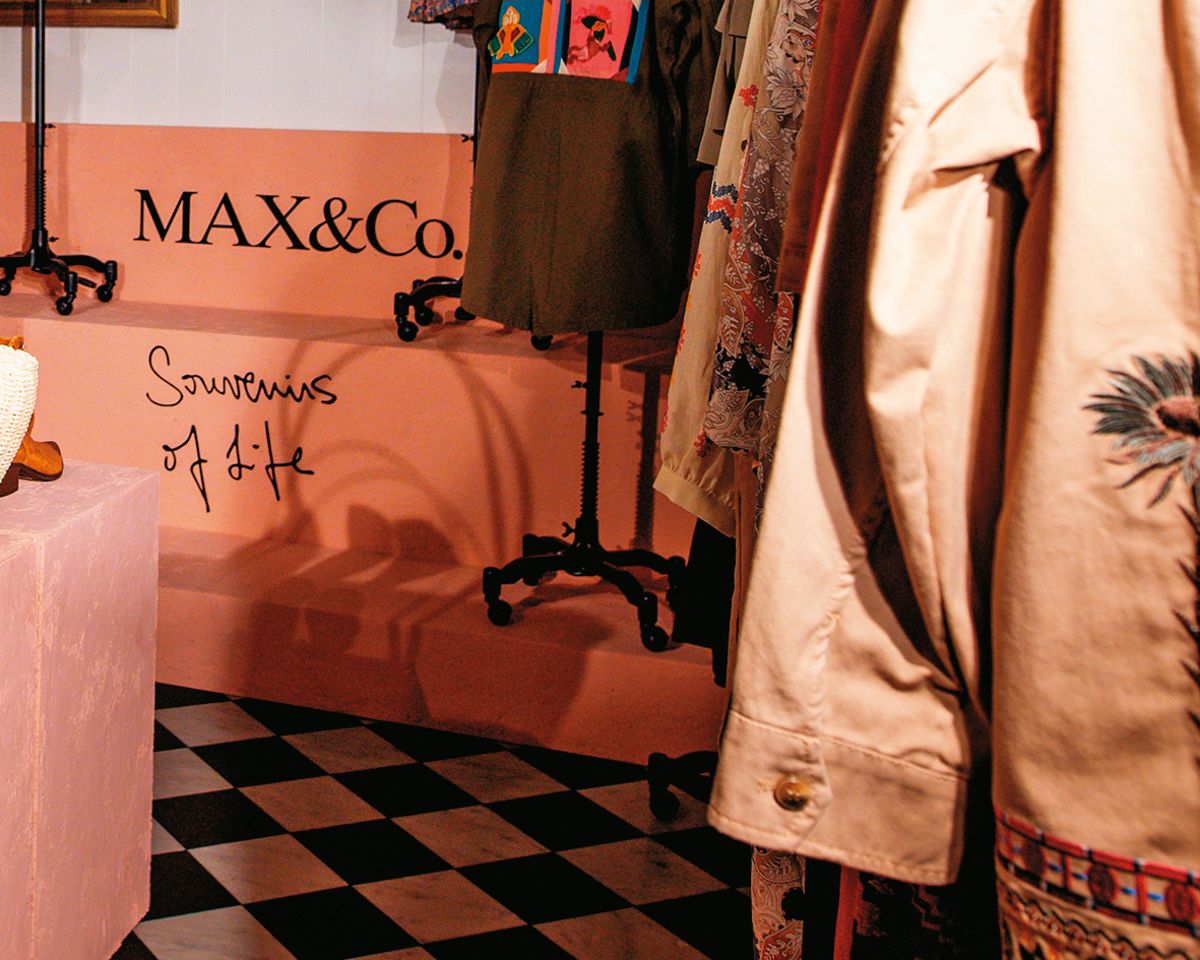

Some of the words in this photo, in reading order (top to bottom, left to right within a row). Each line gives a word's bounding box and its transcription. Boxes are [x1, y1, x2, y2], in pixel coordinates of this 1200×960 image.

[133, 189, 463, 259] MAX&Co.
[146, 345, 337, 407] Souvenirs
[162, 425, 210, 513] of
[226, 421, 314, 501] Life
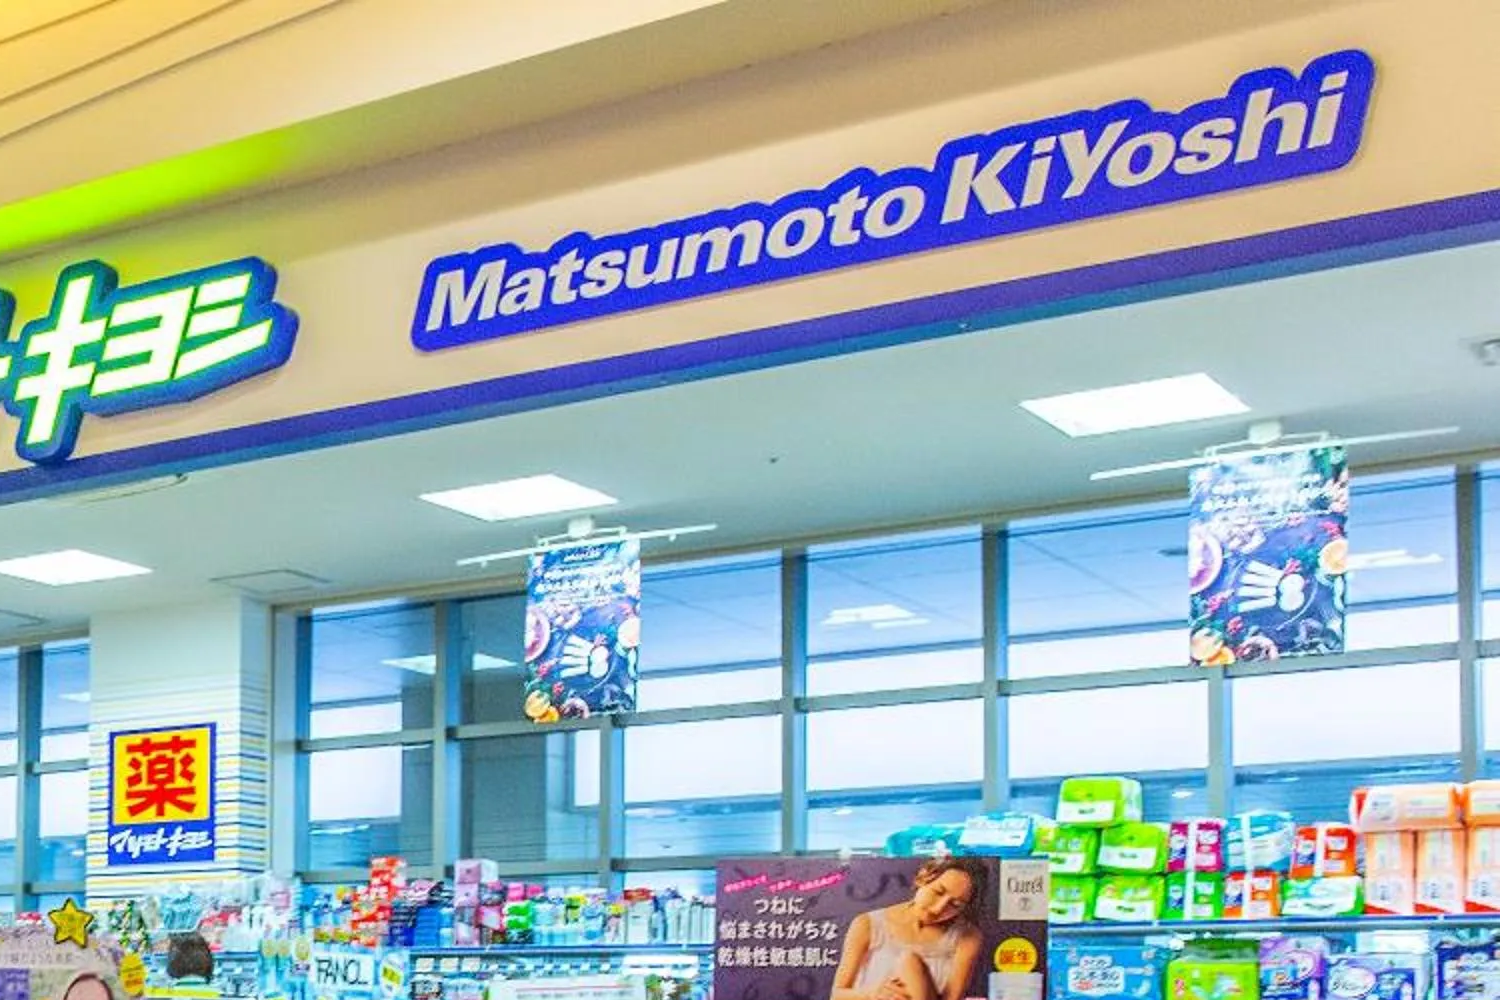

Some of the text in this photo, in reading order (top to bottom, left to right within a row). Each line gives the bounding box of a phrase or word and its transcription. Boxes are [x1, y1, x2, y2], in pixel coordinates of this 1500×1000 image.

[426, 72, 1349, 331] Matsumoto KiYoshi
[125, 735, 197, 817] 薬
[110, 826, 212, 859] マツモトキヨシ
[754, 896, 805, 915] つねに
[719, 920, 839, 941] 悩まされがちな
______________________________
> PROBLEM TO WORK ON
With the pictures removed, print the entries above exactly.

> COMPLETED EXERCISE
Some of the words in this photo, in reading order (top to bottom, left to right within a row). Each line gives a word's bounding box and its transcription. Boxes are [x1, y1, x2, y2], in pixel coordinates of this 1200×960 image.

[133, 189, 463, 259] MAX&Co.
[146, 345, 337, 407] Souvenirs
[162, 425, 210, 513] of
[226, 421, 314, 501] Life

Some of the text in this photo, in reading order (top to bottom, left to right within a row). Each line gives the bounding box of a phrase or word and its transcription. Boxes are [x1, y1, x2, y2], in pixel coordinates of this 1500×1000 image.

[426, 72, 1349, 331] Matsumoto KiYoshi
[125, 735, 197, 817] 薬
[110, 826, 212, 859] マツモトキヨシ
[754, 896, 805, 915] つねに
[719, 920, 839, 941] 悩まされがちな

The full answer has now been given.